Sunday night, legislators in the House of Representatives voted for the historic health care reform bill which will be signed into law on Tuesday by President Obama. But will this shift in how Americans receive health care impact the number of medical bankruptcies in this country. Well let’s take a look at some of the provisions in the new bill.
What will become effective immediately?
Health insurance companies are now forbidden from refusing coverage, canceling coverage or hiking up the health insurance premiums of individuals who have pre-existing conditions. This provision alone has the possibility of reducing the amount of medical bankruptcy filings we see amongst Americans who have pre-existing conditions or who have been diagnosed with and/or are receiving treatment for a terminal illness.

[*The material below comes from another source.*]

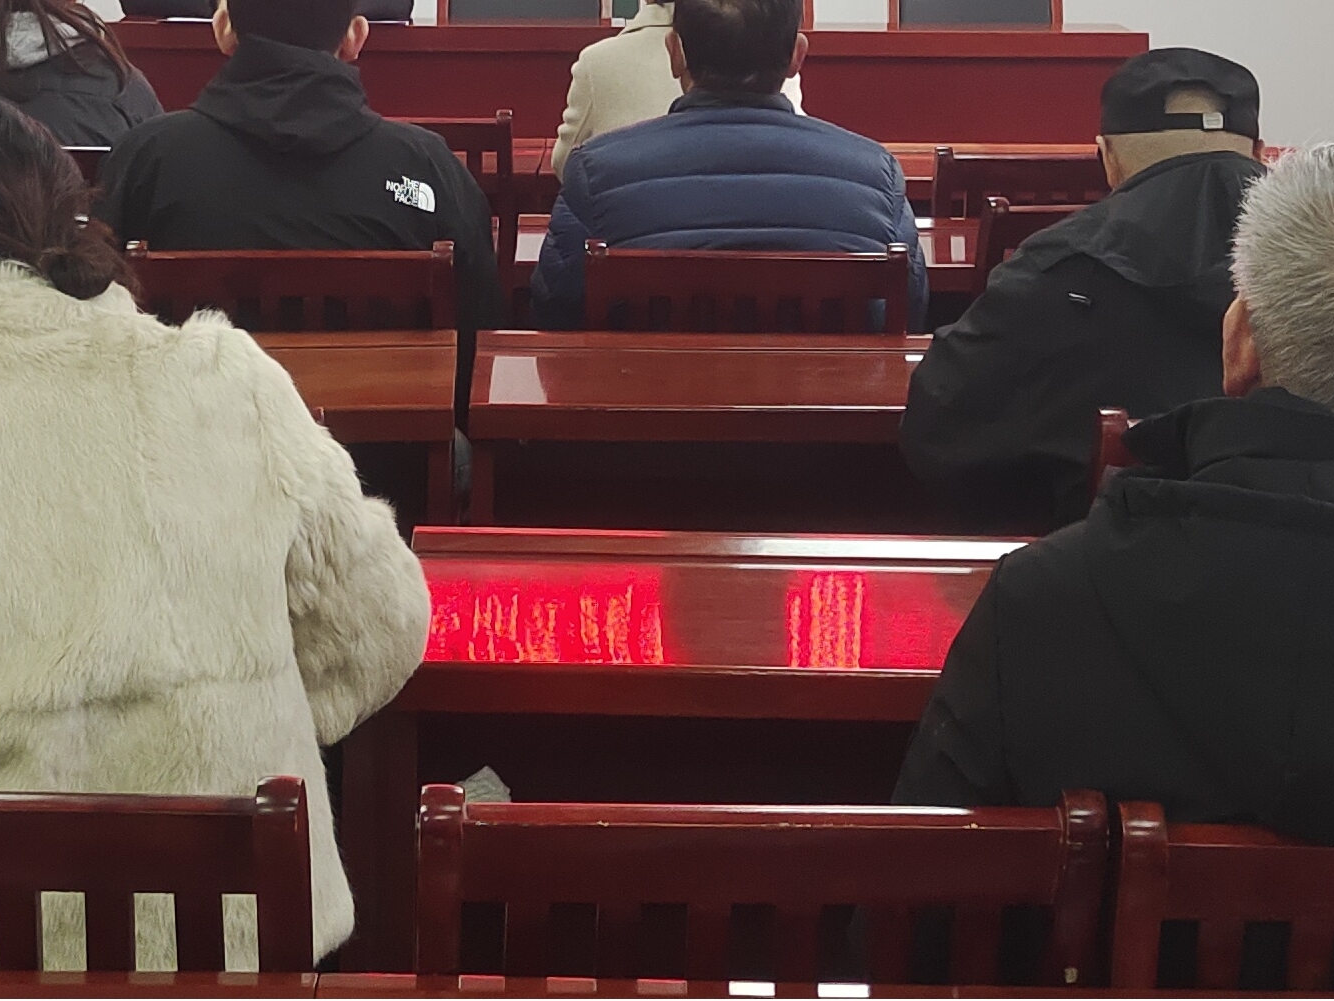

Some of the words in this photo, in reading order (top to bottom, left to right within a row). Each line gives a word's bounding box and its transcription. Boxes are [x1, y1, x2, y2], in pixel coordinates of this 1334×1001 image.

[385, 180, 420, 198] NORTH
[402, 175, 420, 189] THE
[394, 192, 419, 207] FACE

Health insurance companies are now forbidden from placing life-time limits or annual limits on health care coverage. What this mean is that persons who are being treated for serious illnesses such as cancer and HIV will not be hit the devastating blow of loss coverage after reaching their limit. This could also do wonders for reducing medical debt amounts for the ill and preventing many medical bankruptcy filings.
Health care insurers will be required to provide coverage for non-dependent children up to age 26. This provision in the new law will help many young people graduating from college or who are in-between jobs soften the blow of medical debt. While most young people are healthy, because they do not have the ability to get health insurance if they are unemployed and cannot be placed under their parents’ health insurance plans, they are also vulnerable to medical debt and even a bankruptcy due to medical expenses.
And finally, the Medicare prescription drug plan will close its coverage gap. Currently, Medicare stops covering drug costs after a plan and beneficiary have spent more than $2,830 on prescription drugs and begins paying again after an individual’s out-of-pocket expenses exceed $4,550. This gap is expected to begin closing by 2011. Many seniors are forced into bankruptcy because of the exorbitant medical expenses. This provision could help keep many seniors stay out of medical bankruptcy.